So this is how it ends, I thought dejectedly. With a tombstone that said,
Sophie Lawson: Probably Should Have Listened.
I sniffled.
Though the painkillers took the edge off the pain, I could feel hot tears at the edges
of my eyes, and the niggling flick of anger starting in my chest.
“Oh, hey, you’re out already.”
I whirled, then groaned, doubling over. “Not enough painkillers!” But I steeled myself
and pushed my fists against my hips. “Why did you desert me? Where were you?”
Alex patted my shoulder, his palm a delicious, comforting weight against my skin.

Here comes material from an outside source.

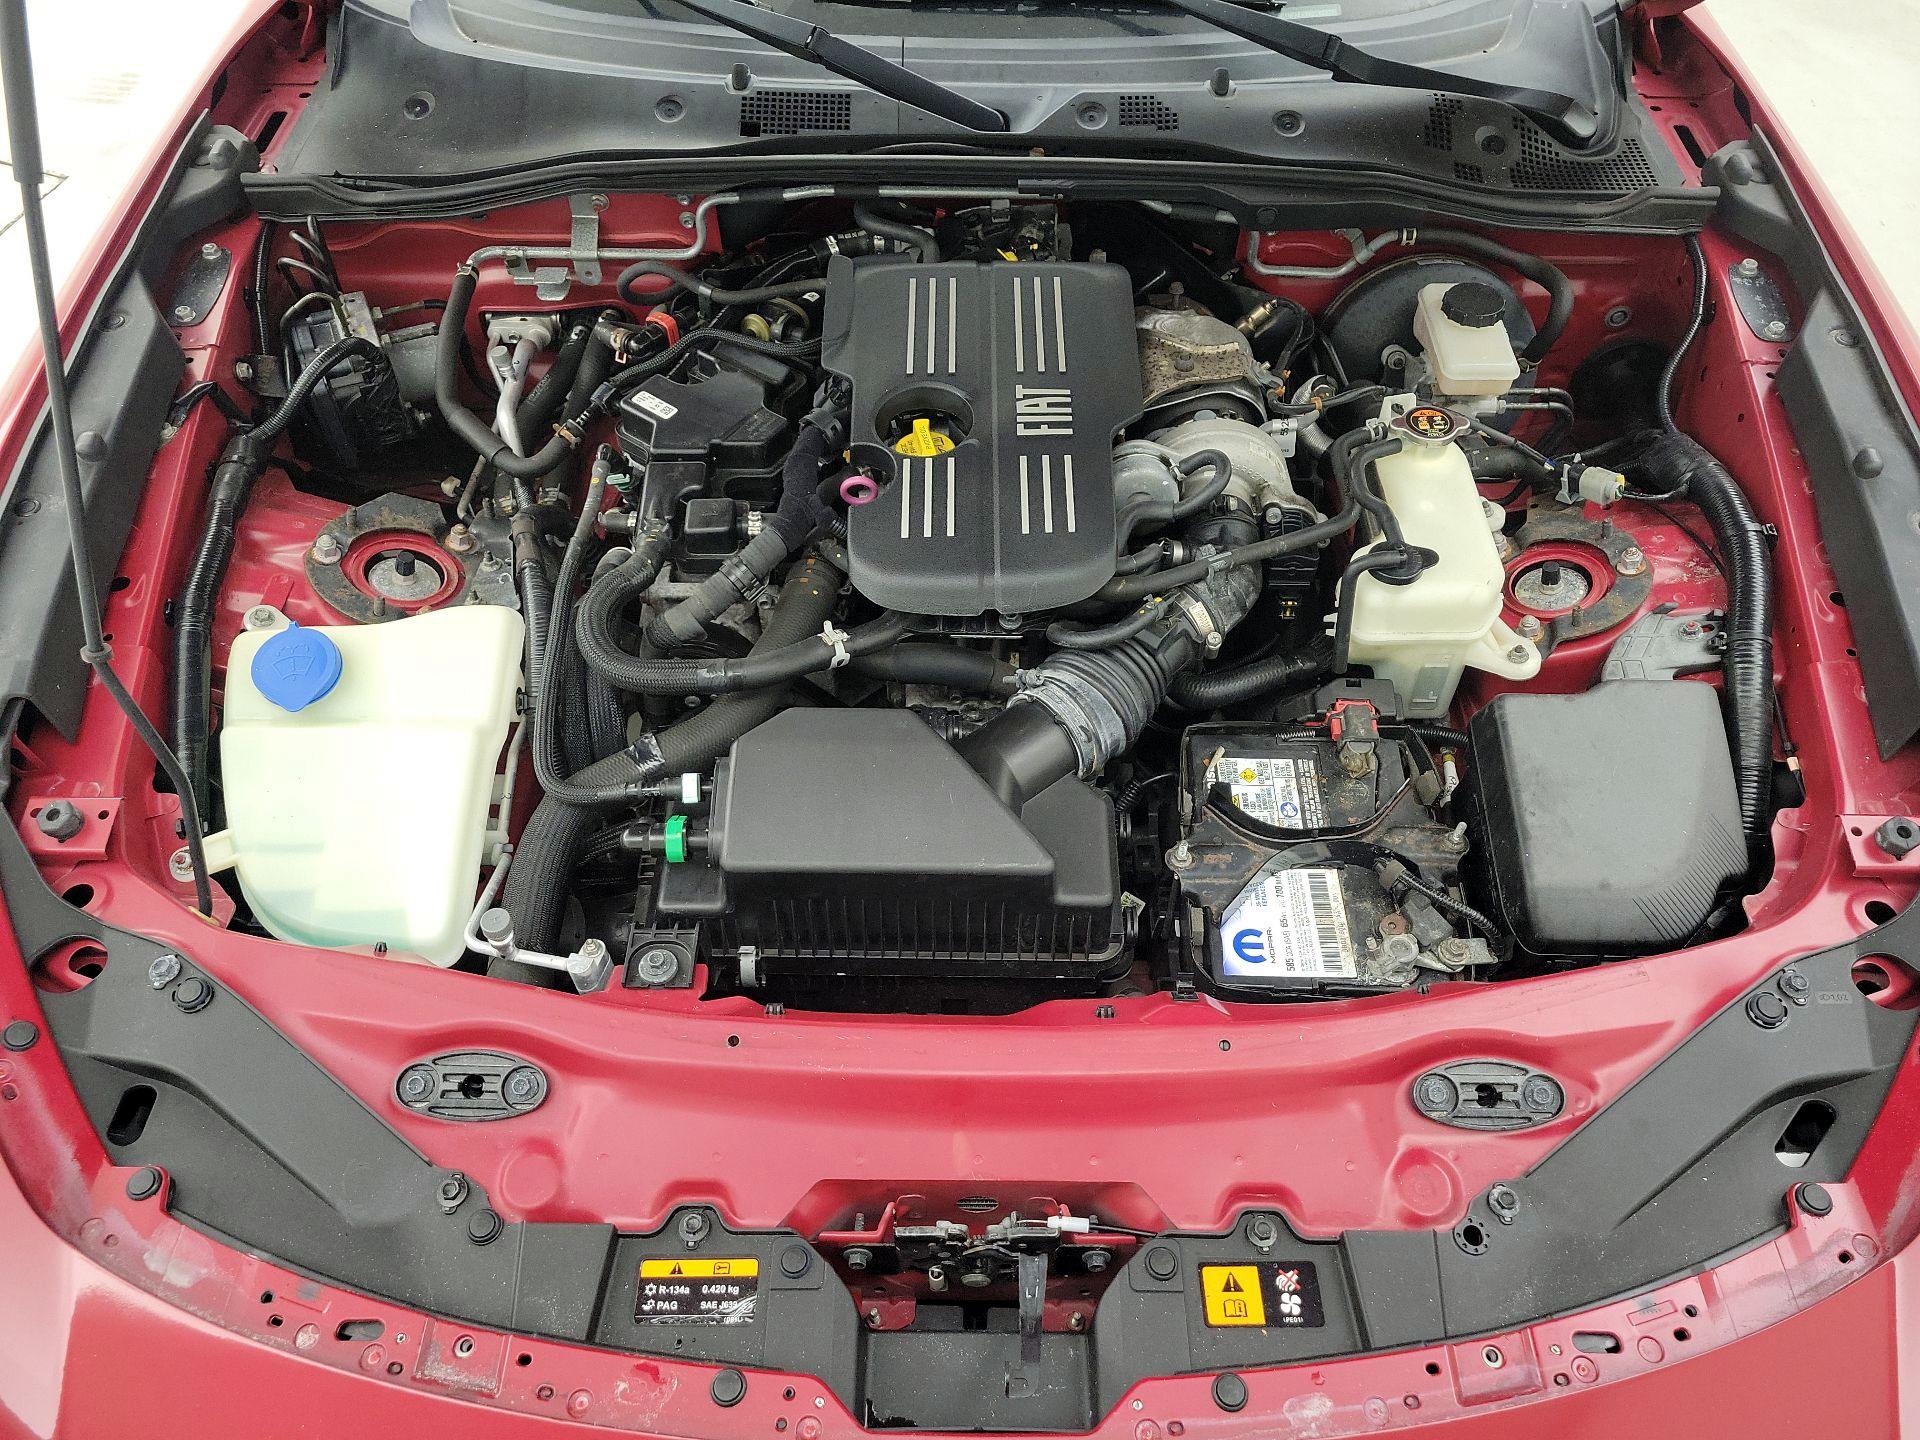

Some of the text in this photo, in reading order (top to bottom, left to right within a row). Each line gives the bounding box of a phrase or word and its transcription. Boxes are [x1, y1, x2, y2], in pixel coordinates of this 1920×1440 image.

[1016, 385, 1073, 435] FIAT
[659, 1284, 740, 1296] R-134a 0.420 kg
[656, 1301, 678, 1310] PAG
[700, 1300, 718, 1309] SAE

“If I deserted you, do you think I’d come back?” he asked.
I frowned. “I have bad hair. I’m a little sensitive.”
“Here.” He reached into a plastic SF Memorial bag and produced the ugliest—but sweetest—hat
I’d ever seen. It was a navy-blue trucker number with the words
Somebunny at SF Memorial Loves Me
written in hot pink glitter. A pair of floppy, plush, pink bunny ears shot out either
side.
My heart melted. It could have been the painkillers, or the fact that I’d bludgeoned
a man with a taxidermied owl just hours before, but the gesture was enormous and touching.
I took the hat in both hands, holding it delicately like the treasure that it was.

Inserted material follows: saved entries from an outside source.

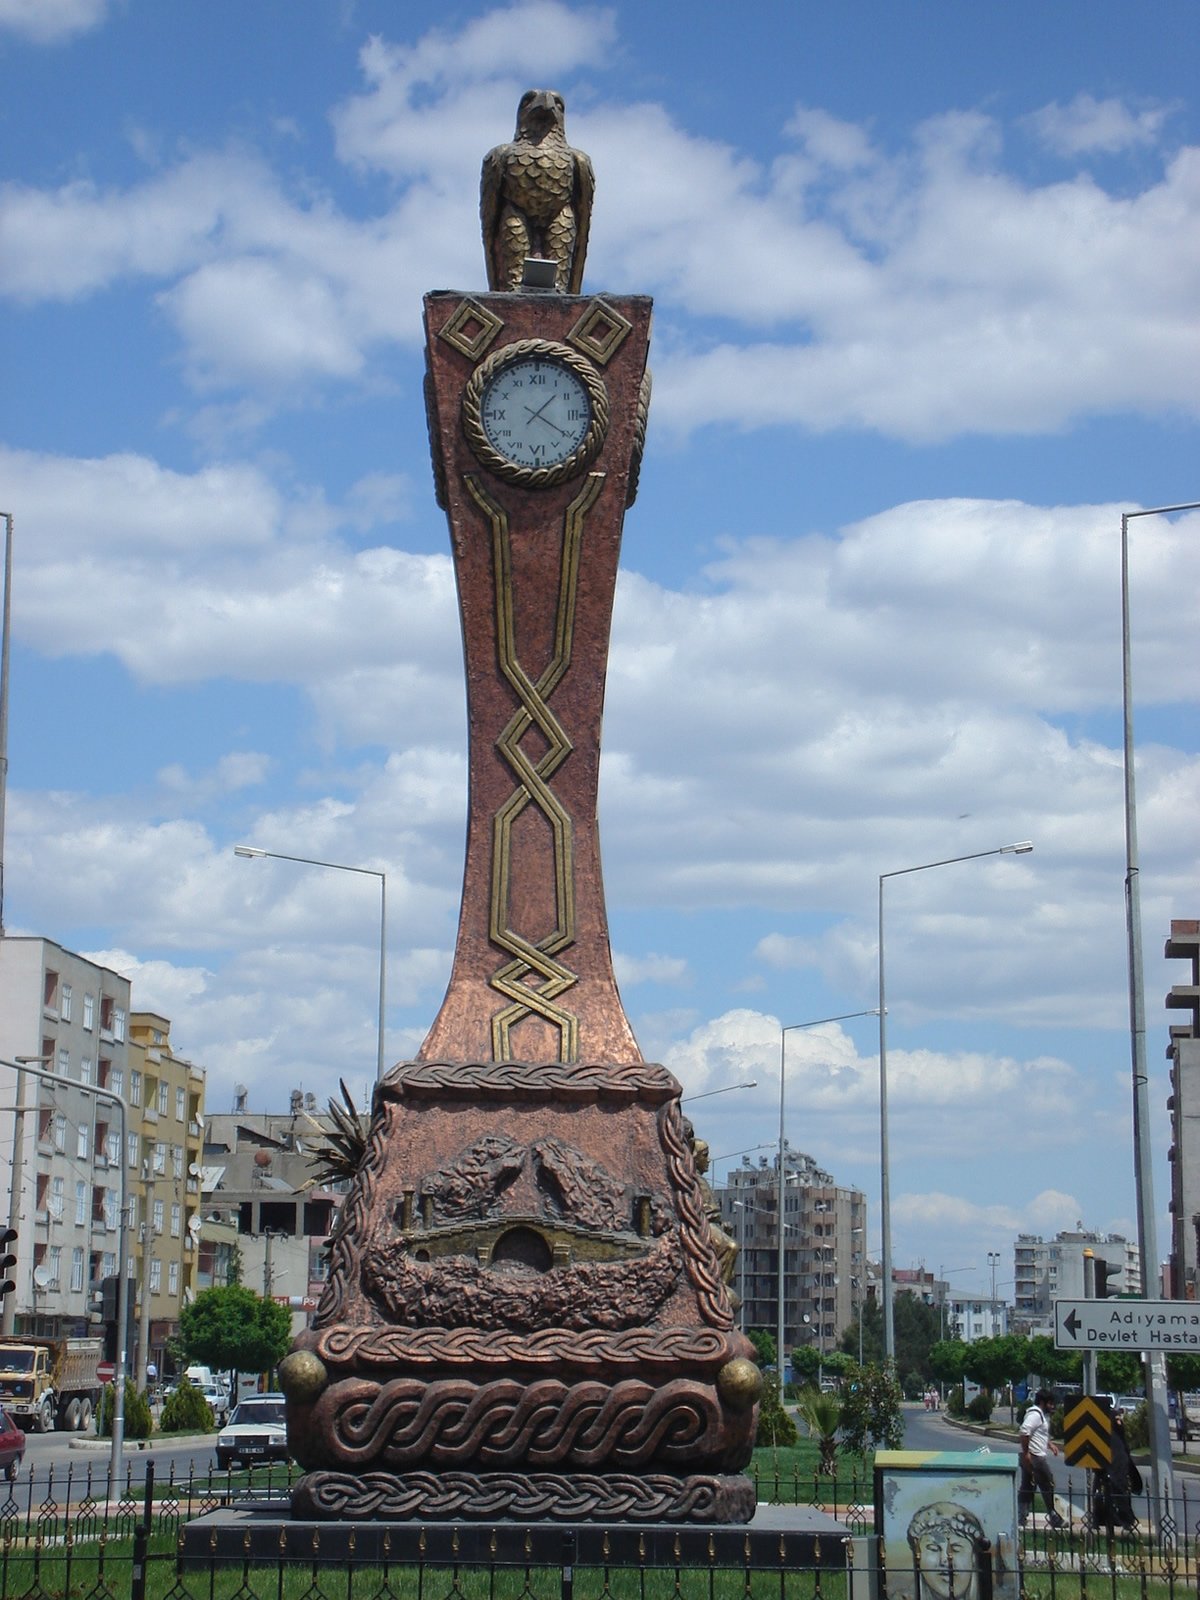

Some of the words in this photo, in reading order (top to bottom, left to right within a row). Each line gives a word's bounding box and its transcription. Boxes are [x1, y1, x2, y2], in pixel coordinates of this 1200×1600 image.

[529, 375, 546, 385] XII
[501, 392, 509, 400] X
[493, 409, 506, 421] IX
[567, 409, 579, 421] III
[528, 445, 545, 456] VI
[1087, 1328, 1138, 1343] Devlet
[1150, 1330, 1200, 1344] Hasta

“It’s beautiful,” I whispered, as Alex blurred in front of me.
He took the hat and perched it on my head, pulling it low over my mangled scalp. “How
does it feel?”
“Like the crown jewels,” I said, stroking one of the shoulder-length bunny ears.
“How much pain medication did they give you?”
I was leaning on Alex as he led me through the double doors into my apartment building,
and by the time we reached the third-floor landing, he was carrying me, my head was
lolled back like a rag doll, and I thought I was flying.
“Did you—did you kill her?” I heard Nina ask.
I heard someone sniff heavily at the air. “No, she’s definitely not dead. But she
smells like she’s on the verge.”
I rolled my eyes to the back of my head and saw Vlad, upside down, hands on hips.
“Where’s your cape?” I mumbled.
“She’s been drugged,” Alex explained. “Painkillers. I think I’ll just put her to bed.”
“No!” I sat up in Alex’s arms and all the blood that had rushed to my head drained
to my feet while my plush bunny ears flopped against my cheeks. I blinked at the symphony
of electric spots that danced in the living room. “Shower first. Must remove layers
of dusty crap from skin. Hey, Nina, when’d you get here?”
Alex positioned me on the couch and Nina held out a hand for me. “I can take it from
here.”
I don’t know why—or how, exactly—but I lurched forward, throwing my arms around Alex’s
leg. “I can’t let you go,” I warbled into his kneecap. “I have to make things right.”
“Sophie.” I felt Nina’s ice-cold fingertips on my shoulder, working to loosen my vise-like
grip on Alex’s leg. I wouldn’t let him go.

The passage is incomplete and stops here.